(Stored data entries)
********
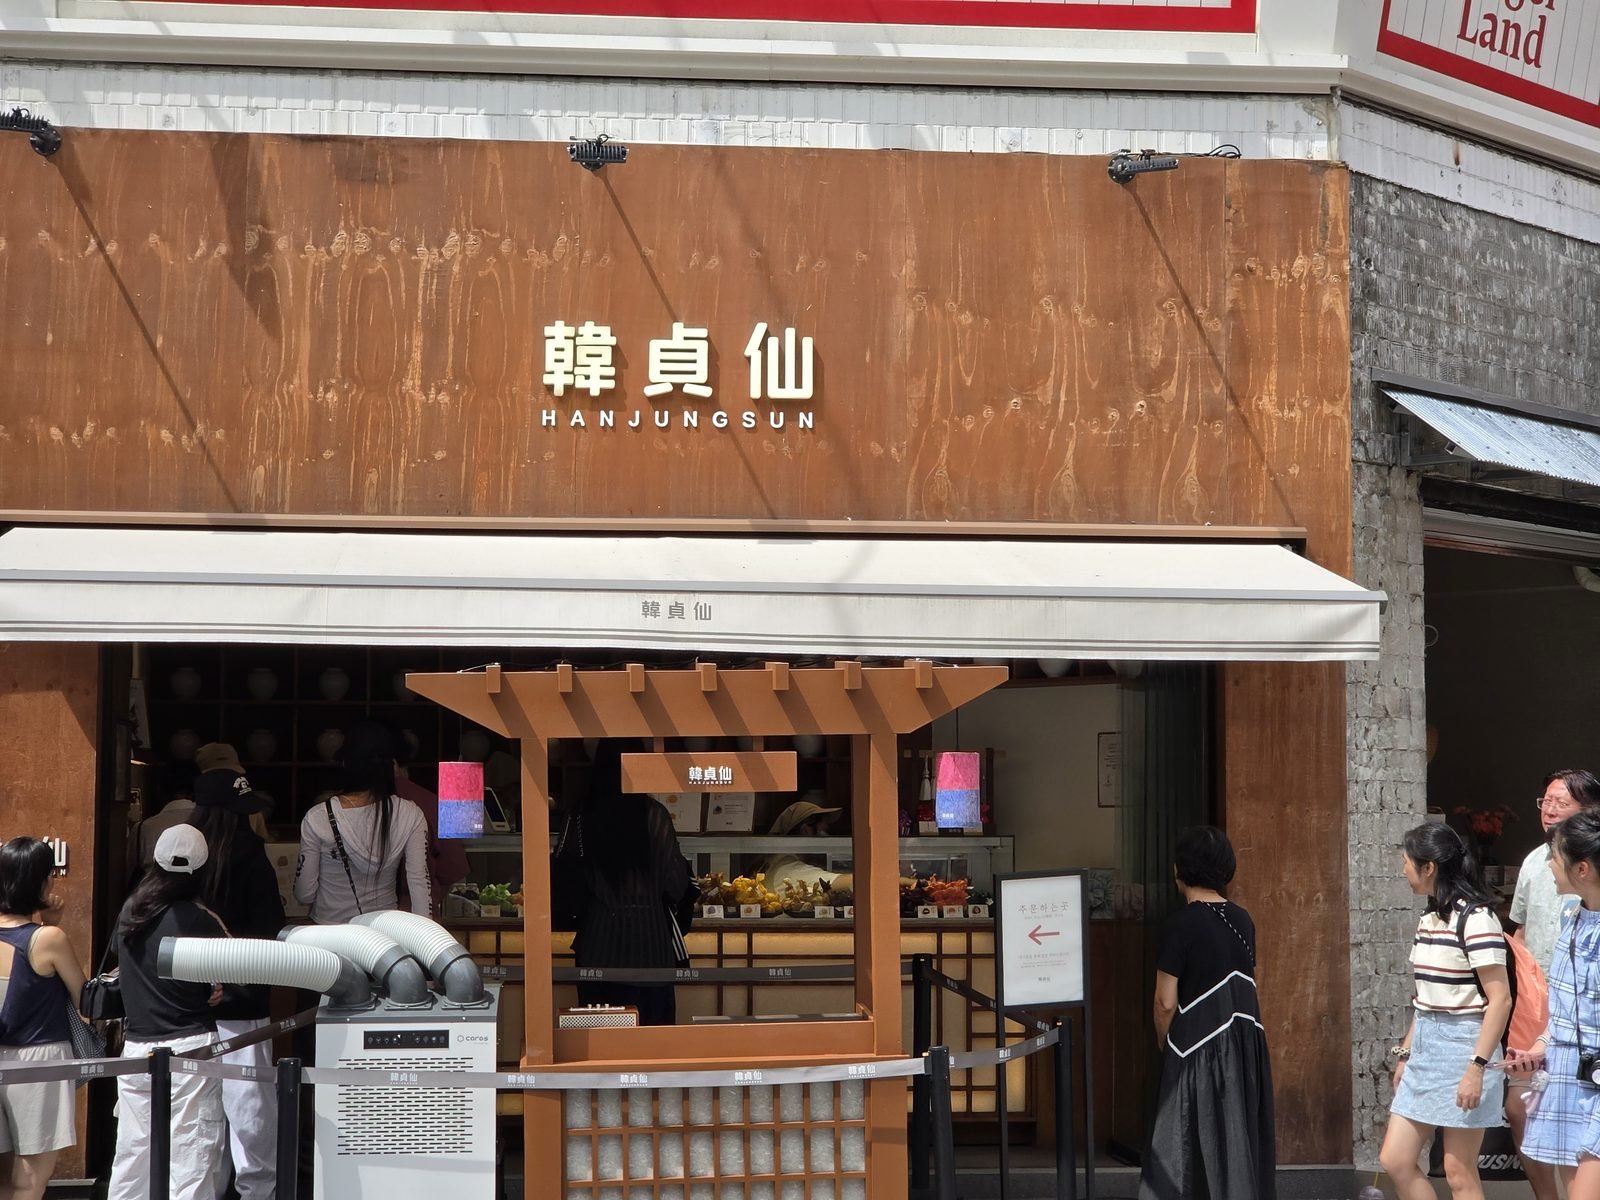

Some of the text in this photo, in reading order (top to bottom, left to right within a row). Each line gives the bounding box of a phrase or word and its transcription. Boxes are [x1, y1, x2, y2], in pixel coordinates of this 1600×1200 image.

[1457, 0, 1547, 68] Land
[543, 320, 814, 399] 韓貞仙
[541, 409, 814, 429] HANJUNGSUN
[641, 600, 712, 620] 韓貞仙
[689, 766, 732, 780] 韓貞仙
********
Aim of the task: Could you repeat the data exactly, omitting its pictures?

Task response:
Some of the text in this photo, in reading order (top to bottom, left to right within a row). Each line gives the bounding box of a phrase or word and its transcription. Boxes are [x1, y1, x2, y2], in pixel coordinates of this 1600×1200 image.

[1457, 0, 1547, 68] Land
[543, 320, 814, 399] 韓貞仙
[541, 409, 814, 429] HANJUNGSUN
[641, 600, 712, 620] 韓貞仙
[689, 766, 732, 780] 韓貞仙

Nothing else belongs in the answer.